The global push for electrification, clean energy, and industrial resilience depends on one thing: access to the subsurface.

The raw materials that power batteries, grids, and renewable energy systems all lie underground.

And the technologies used to reach those resources have changed far less than the industries that depend on them.

That gap is exactly what Hades Mining is trying to close.

Founded in 2025 by Max Werner, Björn Dressler and Dan Gengenbach, Hades describes itself as the world’s first tech-enabled extraction company — a company not just developing better drilling technology, but building an entirely new model for how resources are accessed, developed, and scaled.

And if it succeeds, the implications could reach far beyond mining, into geothermal energy, industrial infrastructure, and strategic resource independence.

For Max Werner, CEO and Co-Founder, that gap revealed something fundamental.

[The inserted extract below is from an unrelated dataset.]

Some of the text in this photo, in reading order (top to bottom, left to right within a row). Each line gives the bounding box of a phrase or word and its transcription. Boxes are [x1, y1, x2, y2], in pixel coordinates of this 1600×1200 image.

“If you look closely, many of the things society says it wants: clean energy, resilient supply chains, electrification, all depend on access to the subsurface.” 

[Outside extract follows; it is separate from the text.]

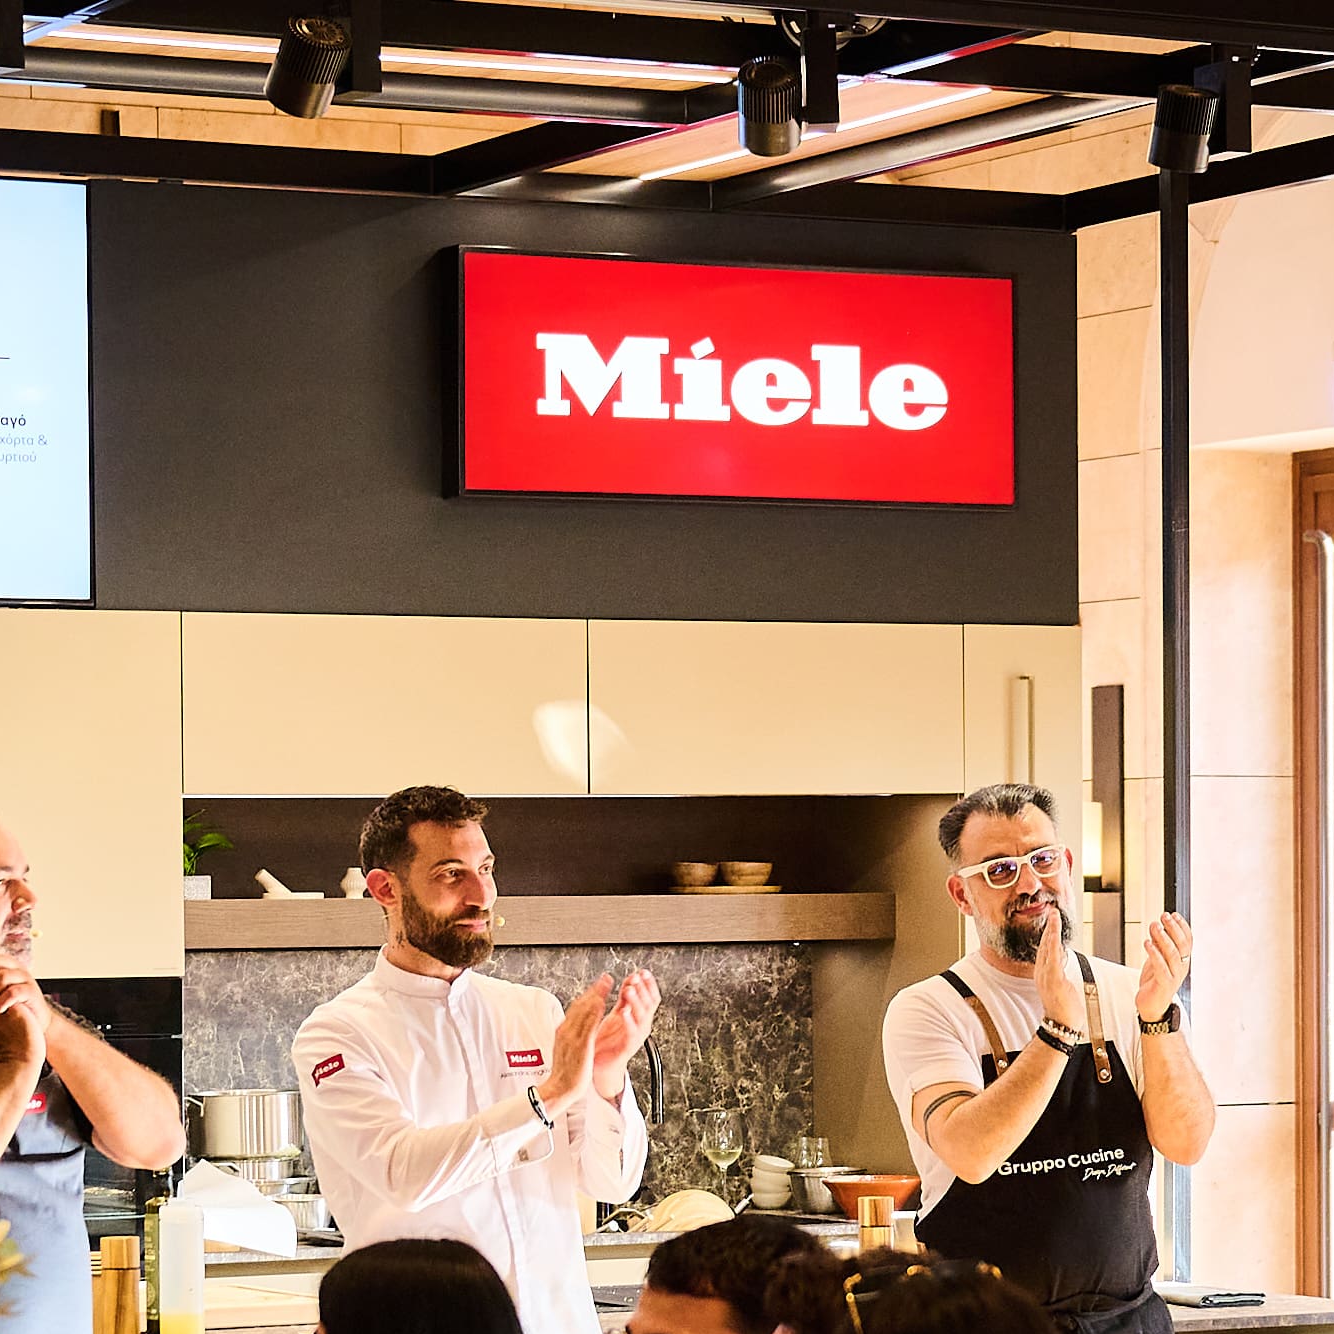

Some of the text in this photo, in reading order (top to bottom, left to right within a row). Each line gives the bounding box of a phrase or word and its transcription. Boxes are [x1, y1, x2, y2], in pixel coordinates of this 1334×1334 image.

[536, 332, 948, 431] Miele
[997, 1148, 1125, 1176] Gruppo Cucine

He adds, “Yet the technologies used to reach that subsurface have improved far too slowly. Drilling remains expensive, slow, and operationally painful, especially in hard rock. That felt like a foundational bottleneck hiding in plain sight.”

Hades was born from the conviction that if they can radically improve access to the deep underground, they can unlock entirely new possibilities across mining, geothermal, and beyond.

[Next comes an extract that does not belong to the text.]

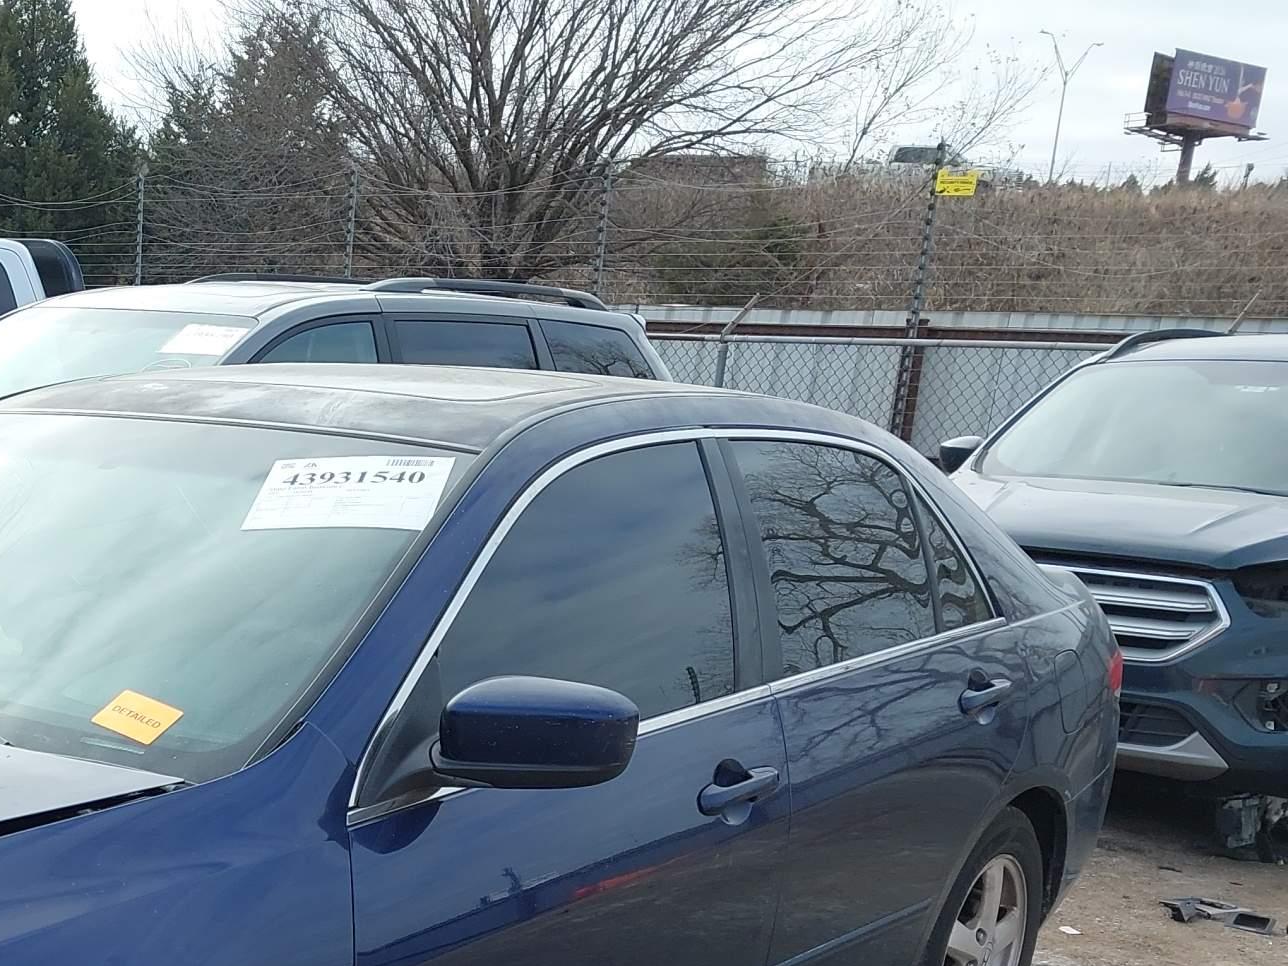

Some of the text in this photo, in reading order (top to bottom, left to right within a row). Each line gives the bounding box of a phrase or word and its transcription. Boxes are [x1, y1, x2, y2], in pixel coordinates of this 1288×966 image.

[1177, 69, 1231, 94] SHEN YUN
[282, 470, 426, 486] 43931540
[112, 705, 161, 729] DETAILED

Making Extraction Cleaner and More Precise

Mining and geothermal development are essential to the energy transition, but they often face environmental and social scrutiny.

For Hades, improving drilling technology is also a way to address those concerns.

More advanced systems could reduce the surface footprint of operations, minimize waste, and enable more targeted subsurface access.

Instead of large-scale excavation and extensive site disruption, future extraction could become more precise, controlled, and efficient.

That shift matters particularly in regions like Europe, where environmental standards are high and public acceptance is critical.

If resource development can be done with smaller impacts and greater transparency, projects that once faced resistance may become easier to deploy.

Building a “Tech-Enabled Extraction Company”

For Hades, tech-enabled extraction means building an extraction company where technology is not a support function but the core advantage.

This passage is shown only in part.